The Saudi economy will grow by 1.8% in Q2 but the non-oil sector will lose steam

Dubai (Reuters) – Saudi Arabia’s economy grew by 1.8% in the second quarter, according to official GDP estimates, but the world’s largest non-oil exporter lost steam.

File Photo Overview in Riyadh, Saudi Arabia June 21, 2020. REUTERS / Ahmed Yosri / File Photo / File Photo

The figures, released by the General Statistics Authority on Monday, forecast 1.5% overall growth in the second quarter, but non-oil growth from 10.1% to 8.4%.

According to the quarter, the Saudi economy grew by 0.6% compared to the first three months of the year, and the oil sector is booming.

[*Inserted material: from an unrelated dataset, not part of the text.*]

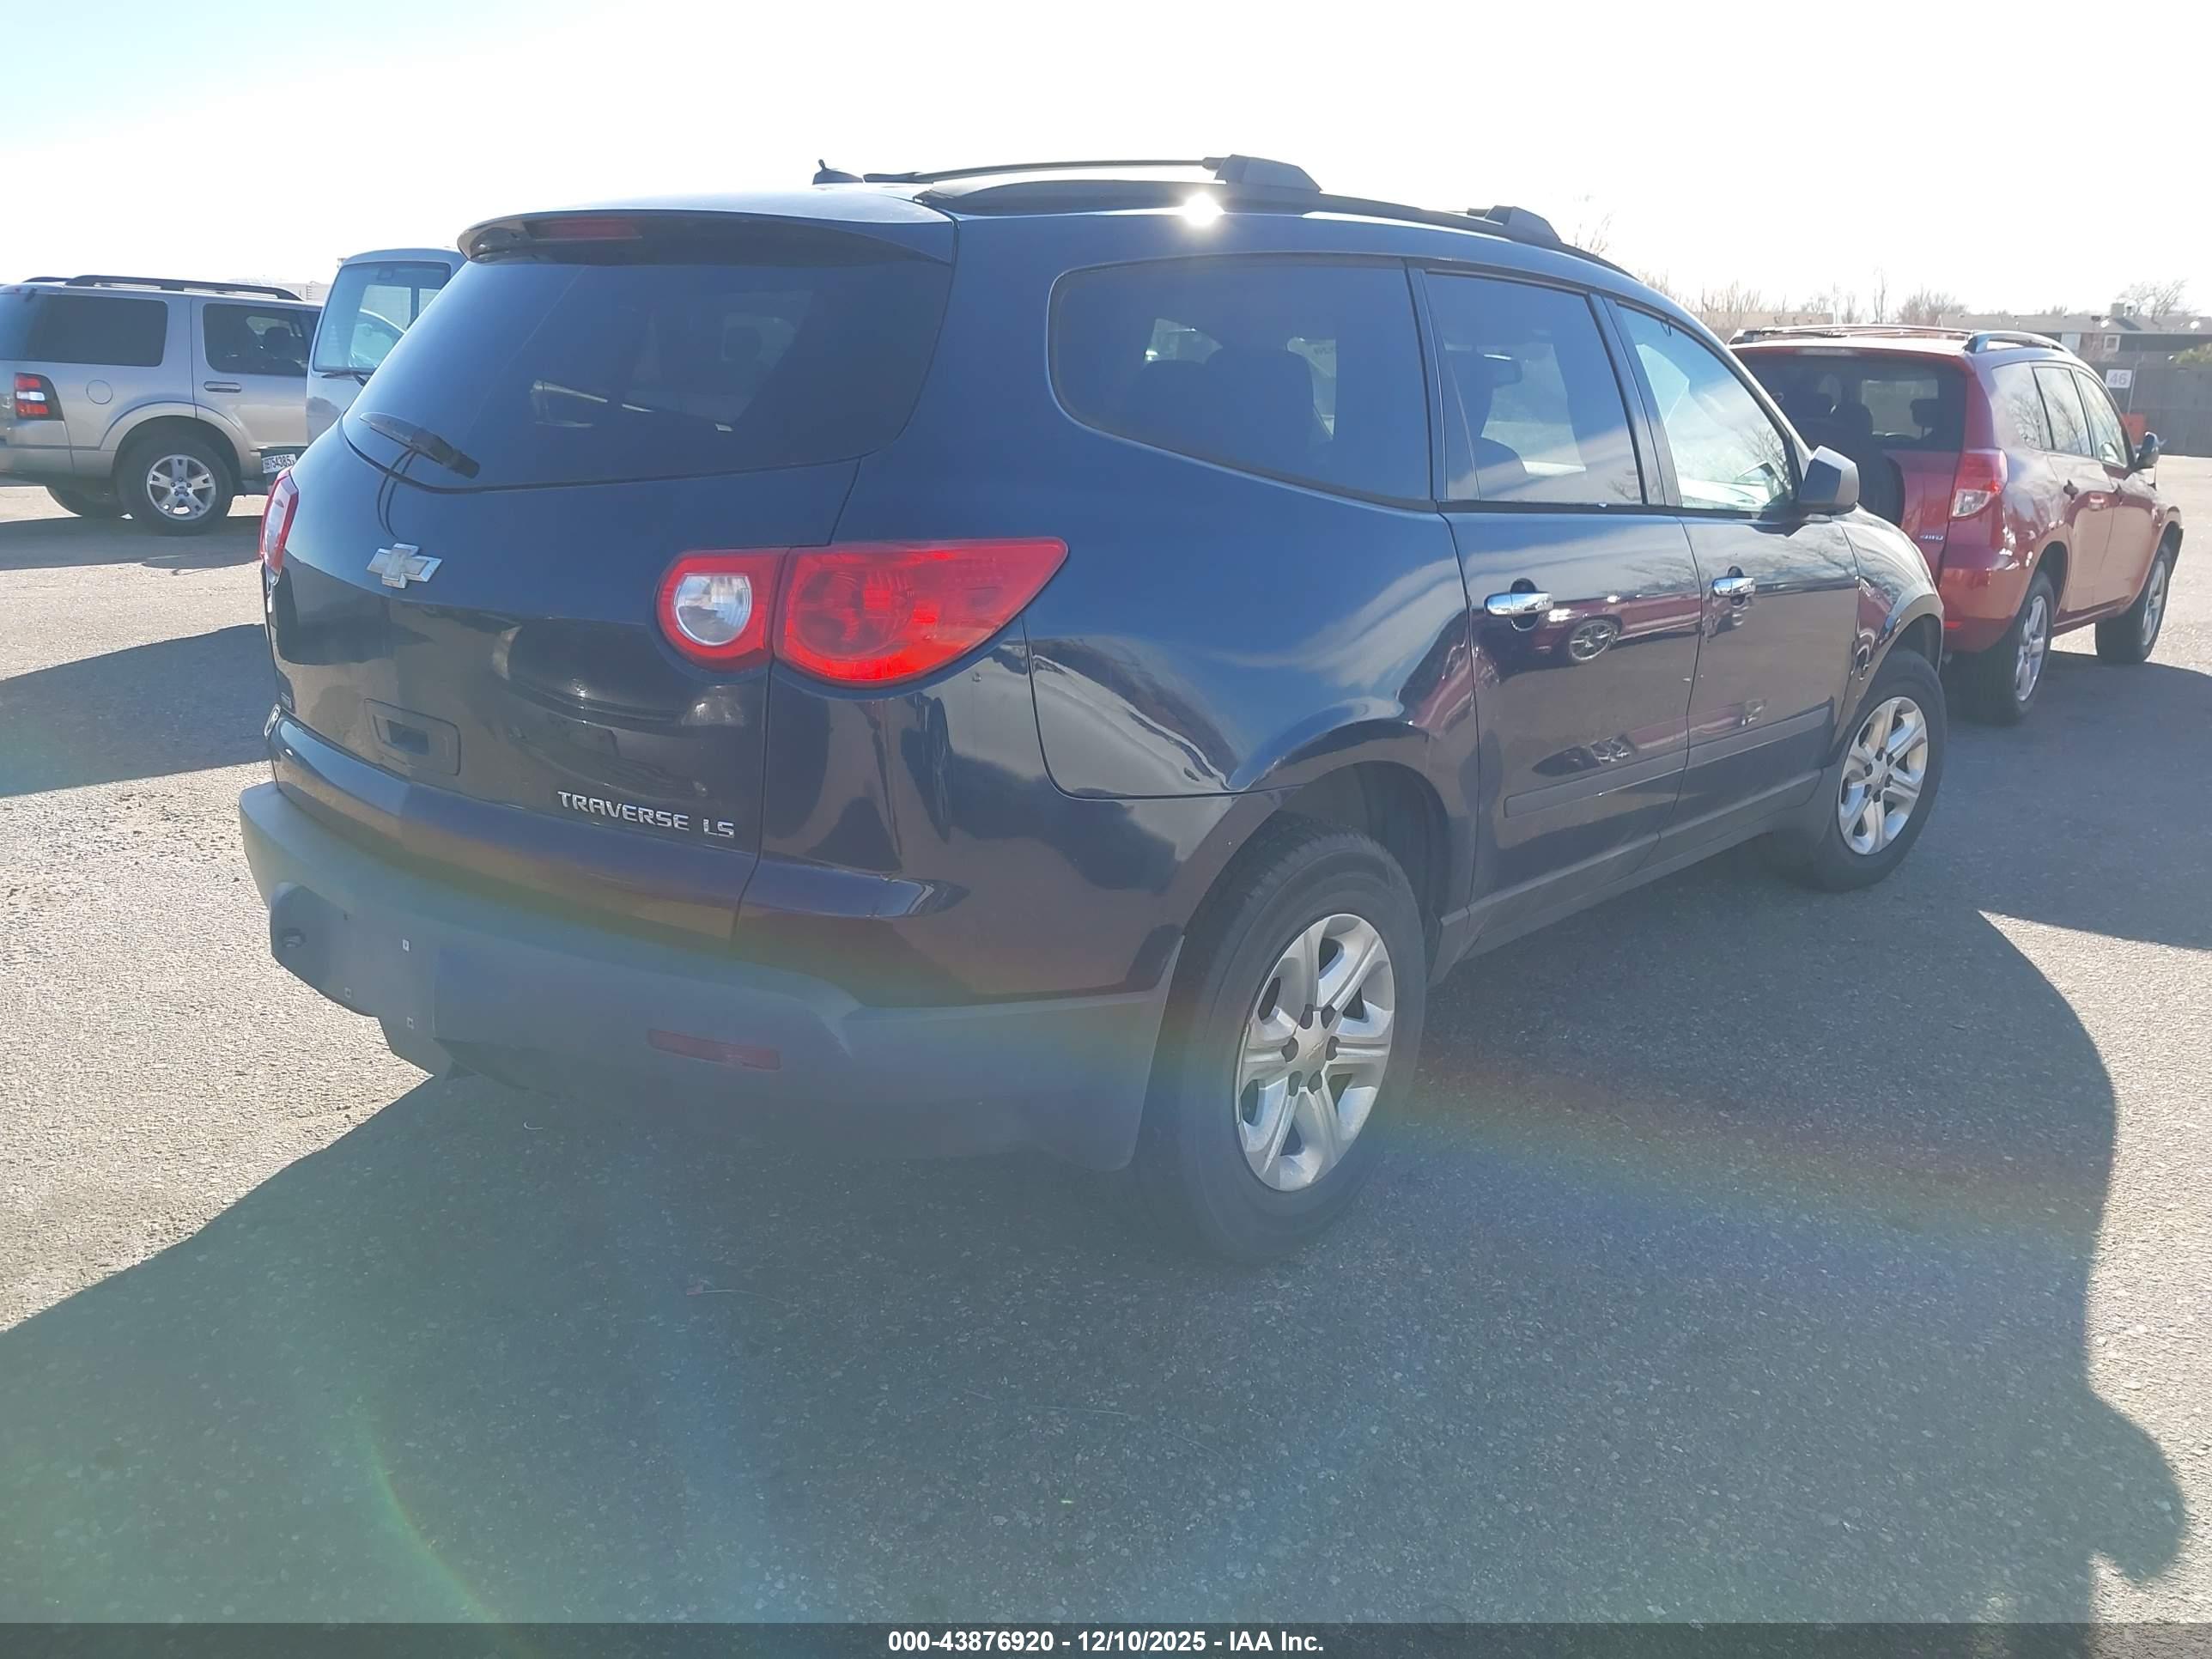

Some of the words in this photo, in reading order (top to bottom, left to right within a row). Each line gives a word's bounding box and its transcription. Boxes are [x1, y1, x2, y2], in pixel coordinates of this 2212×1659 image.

[2109, 372, 2128, 386] 46
[557, 791, 690, 831] TRAVERSE
[703, 818, 735, 838] LS

Last year, Saudi Arabia was hit hard by the COVID-19 epidemic and the shock of the twin oil prices. However, the economy has recovered this year by easing restrictions on vaccines and increasing the cost of vaccines and vaccines.

The gross domestic product (GDP), which includes wholesale and retail, restaurants and hotels, grew by 16.9 percent in the same quarter last year, although slightly lower than in the first three months of this year.

Economists say that the demand for resilience, which will increase demand for recovery, is expected to lose some steam.

The 2Q2021 pre-GDP data released in August show a modest pace of non-oil GDP growth. Monica Malik, chief economist at Abadabi Commercial Bank, said in a statement last week that since the reopening of the economy, growth, activity and demand are expected to decline.

Saudi Arabia’s major sovereign investor’s domestic investment program is expected to be a major driver of future economic growth.

London-based capital economics says the recovery of the non-oil sector has slowed down in recent months, in contrast to the consolidated oil sector.

“By agreeing to OPEC + … to further increase oil production, this will support the growth of mechanically strong domestic production and will not only facilitate operations in the non-oil sectors,” he said in a note last week.